You can inspect raw etcd data directly using etcdctl:

bash

ETCDCTL_API=3 etcdctl \
  --endpoints=https://127.0.0.1:2379 \
  --cacert=/etc/kubernetes/pki/etcd/ca.crt \
  --cert=/etc/kubernetes/pki/etcd/healthcheck-client.crt \
  --key=/etc/kubernetes/pki/etcd/healthcheck-client.key \
  get /registry/pods --prefix --keys-only

The Raft Consensus Algorithm

etcd uses Raft to guarantee linearizable consistency across all members. Every write goes through the elected leader; followers only replicate and vote.
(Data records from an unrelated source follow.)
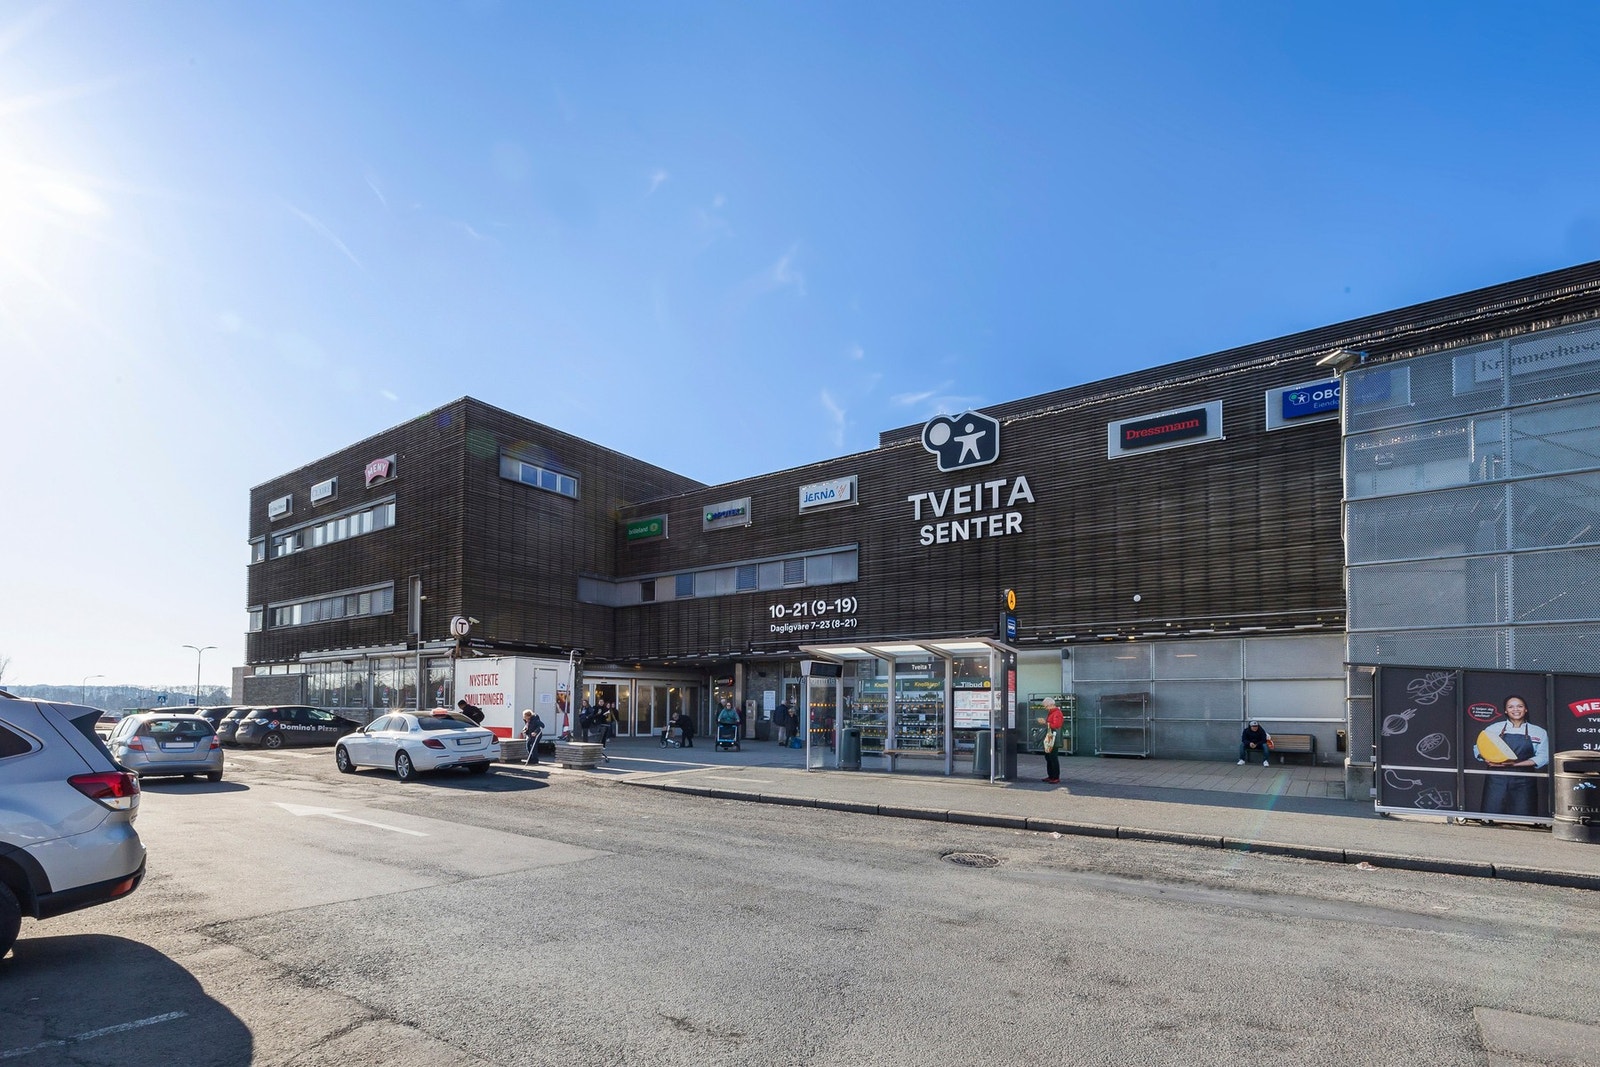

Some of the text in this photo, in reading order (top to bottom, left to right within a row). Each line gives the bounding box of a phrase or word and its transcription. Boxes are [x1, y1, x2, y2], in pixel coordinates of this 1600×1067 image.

[1481, 341, 1600, 371] Krmmerhuse
[1312, 387, 1340, 401] OBO
[1314, 399, 1339, 409] Eiendo
[1126, 418, 1199, 440] Dressmann
[367, 463, 386, 477] MENY
[907, 475, 1035, 521] TVEITA
[920, 511, 1023, 546] SENTER
[769, 596, 858, 619] 10-21 (9-19)
[459, 622, 466, 633] T
[770, 618, 858, 634] Dagligvare 7-23 (8-21)
[469, 673, 499, 686] NYSTEKTE
[465, 693, 504, 706] SMULTRINGER
[1575, 702, 1600, 713] ME
Raft write path: the leader replicates to followers, waits for a quorum of ACKs, then commits and replies to the client.

Why Odd Node Counts?

nodes

tolerates 1 failure

nodes

tolerates 2 failures

nodes

tolerates 3 failures

A 4-node cluster also requires 3 votes for quorum — the same as 3 nodes — but with added cost and complexity. Always use 3 or 5 in production.

Backup and Restore

⚠️

Critical: Always backup etcd before cluster upgrades, node additions, or any destructive operation. Automate this with a CronJob — test restores regularly.

Taking a Snapshot

bash

ETCDCTL_API=3 etcdctl snapshot save \
  /backup/etcd-snapshot-$(date +%Y%m%d).db \
  --endpoints=https://127.0.0.1:2379 \
  --cacert=/etc/kubernetes/pki/etcd/ca.crt \
  --cert=/etc/kubernetes/pki/etcd/server.crt \
  --key=/etc/kubernetes/pki/etcd/server.key

Verifying the Snapshot

bash

etcdctl snapshot status /backup/etcd-snapshot.db --write-out=table

Restoring from Snapshot

bash

# 1. Stop API server
mv /etc/kubernetes/manifests/kube-apiserver.yaml /tmp/

# 2. Restore to a new data dir
ETCDCTL_API=3 etcdctl snapshot restore /backup/etcd-snapshot.db \
  --data-dir=/var/lib/etcd-restored \
  --name=master \
  --initial-cluster=master=https://127.0.0.1:2380 \
  --initial-cluster-token=etcd-cluster-1 \
  --initial-advertise-peer-urls=https://127.0.0.1:2380

# 3. Update etcd manifest --data-dir, then restore API server
mv /tmp/kube-apiserver.yaml /etc/kubernetes/manifests/

Encryption at Rest

By default, Secrets stored in etcd are only base64-encoded — not encrypted. Anyone with etcd access can read them. Enable encryption at rest via an EncryptionConfiguration resource:

yaml

# /etc/kubernetes/encryption-config.yaml
apiVersion: apiserver.config.k8s.io/v1
kind: EncryptionConfiguration
resources:
  - resources:
      - secrets
      - configmaps
    providers:
    - aescbc:
        keys:
        - name: key1
          secret: <base64-encoded-32-byte-key>
    - identity: {}

Pass this config to the API server and re-encrypt existing secrets:

bash

# API server flag
--encryption-provider-config=/etc/kubernetes/encryption-config.yaml

# Re-encrypt all existing secrets
kubectl get secrets --all-namespaces -o json | kubectl replace -f -

Performance Tuning

etcd is highly sensitive to disk I/O latency — it writes a WAL entry to disk on every committed write. On a slow disk, the Raft heartbeat can be missed, causing leader re-elections and degraded performance.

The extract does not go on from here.